Recently, probably five or 10 years ago, we boiled it down to four core values. It’s a lot easier to remember four values than 13. Also when we looked at the 13 days, a lot of them were redundant, and they’re understood. You don’t have to put it in profitability as a value. If you’re not profitable, you don’t exist, the company will cease to exist, so that was understood. We started with safety because in a metal stamping plant, we have big presses, 30,000 pound coils of steel; accidents can be catastrophic. So you really have to put safety above everything. Above productivity and above profitability. It just has to. To be a good company, to be a good person, to sleep at night, you want to put safety number one. Then I look at the next three as the values that are – not negotiable – but these are the values that we chose. We feel like safety was understood as number one. 

Number two is the one that I could almost call my number one value, and that’s collaboration. Collaboration works in a lot of ways, it doesn’t just work with the customer. In the sales department, all they think about is the customer, collaborating with the customer and being a partner. We like to say we were partnering before partnering was cool. We started the company with that mantra, with that axiom. We wanted to have large customers that we were a very significant supplier to, that we were valued so much that they looked at us as part of the team; we were integral to their operation. Collaboration also goes to the supplier, because we’re the customer in that relationship. So we wanted our suppliers to be the kind of supplier that works together with us as a team member, so the employees and the customers and talent, I think of that as like three legs of the stool of business. 

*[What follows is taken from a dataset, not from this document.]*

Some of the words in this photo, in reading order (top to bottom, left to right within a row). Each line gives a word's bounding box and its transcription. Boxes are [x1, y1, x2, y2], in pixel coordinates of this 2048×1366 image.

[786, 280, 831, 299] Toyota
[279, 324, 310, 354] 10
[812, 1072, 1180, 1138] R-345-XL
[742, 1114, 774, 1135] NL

Tenacity is the third one. Tenacity speaks for itself. That means we get it done, and if we fall into a really hard opportunity, that’s really difficult, instead of just quitting, you just keep trying, keep plugging away, just get it done. We had a very difficult job once many years ago, and we just kept working on it. The customer even came up to us and said, “Don’t you guys ever quit? Aren’t you gonna eventually just say we can’t, this is not formable we can’t make the metal do what we’re trying to do?” I said, “No, no, we think we’re gonna get it.” We did, eventually, we got it. Tenacity is a good trait to have, and also works like when you’re trying to go after a really big, plump customer. Having tenacity can get you over the finish line. 

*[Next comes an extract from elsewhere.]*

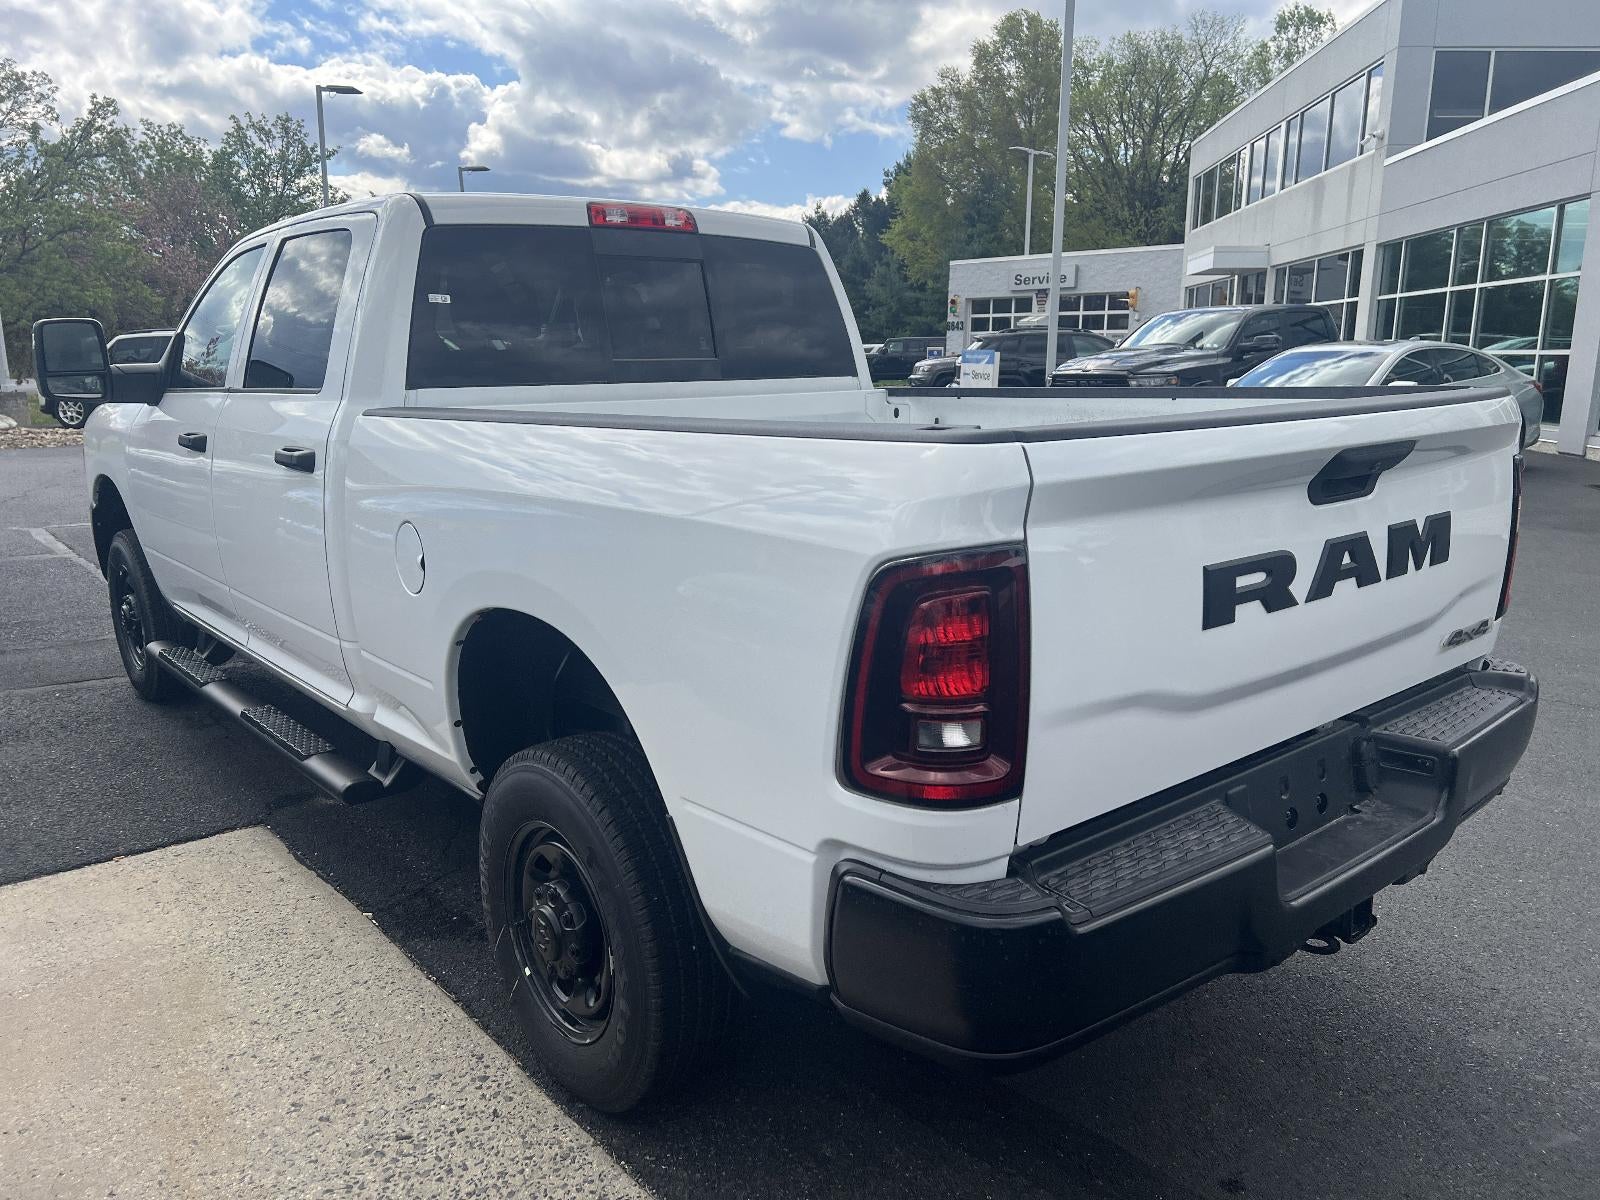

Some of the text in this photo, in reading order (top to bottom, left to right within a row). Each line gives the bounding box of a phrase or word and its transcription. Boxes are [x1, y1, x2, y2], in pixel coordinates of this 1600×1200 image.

[1014, 272, 1067, 286] Servie
[972, 369, 991, 381] Service
[1202, 511, 1452, 631] RAM

The last one is interesting. It’s Respect. Respect means different things to different people. When we lay out our values, we have the behaviors that support those values, also spelled out. Respect means something different to a young urban guy than it does to an older guy who, say, lives in the country. They’re just different cultures. What it basically means is, don’t be a jerk. It’s like the golden rule. Treat others like you want to be treated and we have other ways to say that, other ways that are more crass, but that’s just it – treat people with respect, and then expect respect from others.

Laurie Barkman:

Thank you for sharing those. How did your core values help you help the company throughout the pandemic?

Steve Peplin:

Well, safety was interesting. This is clearly an aspect of safety. Our team really rose to the occasion. I personally don’t take credit for this, I take credit for being the leader of the company, but they took the ball and ran with it. We had meetings every couple days. Matter of fact, in the beginning, it was probably every day. We were constantly meeting. So if you recall then, the environment was so dynamic and changing so quickly, and the recommendations and guidelines and laws, everything was changing so quickly and so we took a belt and suspenders approach. I say sometimes, we took a belt and suspenders and another belt because it was part of our safety culture and it still is, we still talk about it. We just came from a leadership meeting where COVID is still an item on our agenda. But it paid off, we never had an outbreak. We had colleagues that got sick, we even had somebody that passed away. But we never had an outbreak. When we did the contact tracing, there was a department that got sick, we did the distancing and put up partitions and cleanliness, cleaning up all the surfaces, and just everything. I don’t remember all the protocols we did, but it was very comprehensive. If there was a suggestion, we did it and it worked. 

Laurie Barkman:

Were you deemed an essential business?

Steve Peplin:

Yes, we were essential right from the very beginning. We make quite a lot of parts for the solar industry, which was another disruptive one that we got into a long time ago, when it was the Wild West, we call it the solar coaster. It was the wild days back then. We grew up with the industry, and we’re in all three facets of it; the residential, commercial and utility scale. What was I saying about solar?

Laurie Barkman:

No, that’s okay. It’s part of innovation. I’m actually gonna jump to that in a little bit. Let’s come back to talent for a second. Question for you about where we are now with this labor market, pretty tight labor market; how challenging is it to find workers now compared to pre pandemic?

Steve Peplin:

It’s challenging. I don’t say we’re a fun company, I like to say we’re a cool company, because fun has a different connotation. I wish it was more fun. It is fun. It’s fun to succeed, and nothing succeeds like success. So everybody wants to be with a winner, and so we do a pretty good job of recruiting that effect. I’m the CEO, so I’m not real active in the granular running of the company, and I’m the visionary overseer and chief strategist and that kind of stuff. But recently, I got on a task force for recruiting and retention, because these are so important especially now with the current labor climate. 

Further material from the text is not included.